- [Problem to solve]
Transcribe exactly the lines from the one containing "this 1606×1070 image." through the last line of the listing below, inclusive, and nothing beyond them.
------ Records supplied ------
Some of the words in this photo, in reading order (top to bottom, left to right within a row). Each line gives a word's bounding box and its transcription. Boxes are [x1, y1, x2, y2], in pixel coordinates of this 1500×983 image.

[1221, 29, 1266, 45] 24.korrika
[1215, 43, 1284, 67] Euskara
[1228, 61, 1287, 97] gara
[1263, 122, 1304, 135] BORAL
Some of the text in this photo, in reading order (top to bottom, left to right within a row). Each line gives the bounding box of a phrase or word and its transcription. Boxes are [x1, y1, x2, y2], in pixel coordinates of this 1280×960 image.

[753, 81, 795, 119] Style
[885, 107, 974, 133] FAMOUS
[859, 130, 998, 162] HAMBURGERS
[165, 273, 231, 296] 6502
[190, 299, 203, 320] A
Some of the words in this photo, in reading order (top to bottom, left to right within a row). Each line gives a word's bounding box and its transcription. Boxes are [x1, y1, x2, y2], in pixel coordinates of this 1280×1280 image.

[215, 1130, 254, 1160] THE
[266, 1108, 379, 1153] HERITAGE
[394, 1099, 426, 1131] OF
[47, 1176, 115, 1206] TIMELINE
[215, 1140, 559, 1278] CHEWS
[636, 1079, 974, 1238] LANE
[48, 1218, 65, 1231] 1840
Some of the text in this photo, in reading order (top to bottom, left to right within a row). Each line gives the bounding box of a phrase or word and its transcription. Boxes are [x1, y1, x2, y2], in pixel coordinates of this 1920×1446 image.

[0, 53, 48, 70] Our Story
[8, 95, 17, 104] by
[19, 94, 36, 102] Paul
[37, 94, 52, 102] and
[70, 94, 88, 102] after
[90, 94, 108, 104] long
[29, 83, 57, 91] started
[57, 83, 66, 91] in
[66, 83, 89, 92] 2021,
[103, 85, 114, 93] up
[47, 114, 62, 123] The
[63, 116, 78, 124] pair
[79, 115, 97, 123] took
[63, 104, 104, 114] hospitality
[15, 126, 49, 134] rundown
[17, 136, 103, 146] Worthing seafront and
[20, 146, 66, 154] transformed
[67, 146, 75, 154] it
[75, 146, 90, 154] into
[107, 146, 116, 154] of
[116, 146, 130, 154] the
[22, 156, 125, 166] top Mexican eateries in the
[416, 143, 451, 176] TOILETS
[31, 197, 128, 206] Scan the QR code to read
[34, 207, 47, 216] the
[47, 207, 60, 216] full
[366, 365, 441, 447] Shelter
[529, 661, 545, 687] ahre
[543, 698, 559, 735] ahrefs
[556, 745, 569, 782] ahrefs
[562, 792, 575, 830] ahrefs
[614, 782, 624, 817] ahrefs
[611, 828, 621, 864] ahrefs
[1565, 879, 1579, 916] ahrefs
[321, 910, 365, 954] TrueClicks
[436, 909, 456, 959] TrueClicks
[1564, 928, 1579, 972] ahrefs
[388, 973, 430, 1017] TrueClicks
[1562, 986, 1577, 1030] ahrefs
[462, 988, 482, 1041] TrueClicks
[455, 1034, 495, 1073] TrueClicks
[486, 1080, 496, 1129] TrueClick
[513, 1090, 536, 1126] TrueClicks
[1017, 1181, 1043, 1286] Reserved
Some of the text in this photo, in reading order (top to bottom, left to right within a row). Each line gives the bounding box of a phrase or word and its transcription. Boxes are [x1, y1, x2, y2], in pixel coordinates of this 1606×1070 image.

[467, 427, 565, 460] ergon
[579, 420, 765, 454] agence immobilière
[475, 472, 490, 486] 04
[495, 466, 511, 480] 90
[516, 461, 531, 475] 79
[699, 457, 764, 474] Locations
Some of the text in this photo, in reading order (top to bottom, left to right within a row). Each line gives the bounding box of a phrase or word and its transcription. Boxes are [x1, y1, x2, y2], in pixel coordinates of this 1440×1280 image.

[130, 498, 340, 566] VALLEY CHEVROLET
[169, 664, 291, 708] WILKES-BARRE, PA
------
- [Reply]
Some of the text in this photo, in reading order (top to bottom, left to right within a row). Each line gives the bounding box of a phrase or word and its transcription. Boxes are [x1, y1, x2, y2], in pixel coordinates of this 1606×1070 image.

[467, 427, 565, 460] ergon
[579, 420, 765, 454] agence immobilière
[475, 472, 490, 486] 04
[495, 466, 511, 480] 90
[516, 461, 531, 475] 79
[699, 457, 764, 474] Locations
Some of the text in this photo, in reading order (top to bottom, left to right within a row). Each line gives the bounding box of a phrase or word and its transcription. Boxes are [x1, y1, x2, y2], in pixel coordinates of this 1440×1280 image.

[130, 498, 340, 566] VALLEY CHEVROLET
[169, 664, 291, 708] WILKES-BARRE, PA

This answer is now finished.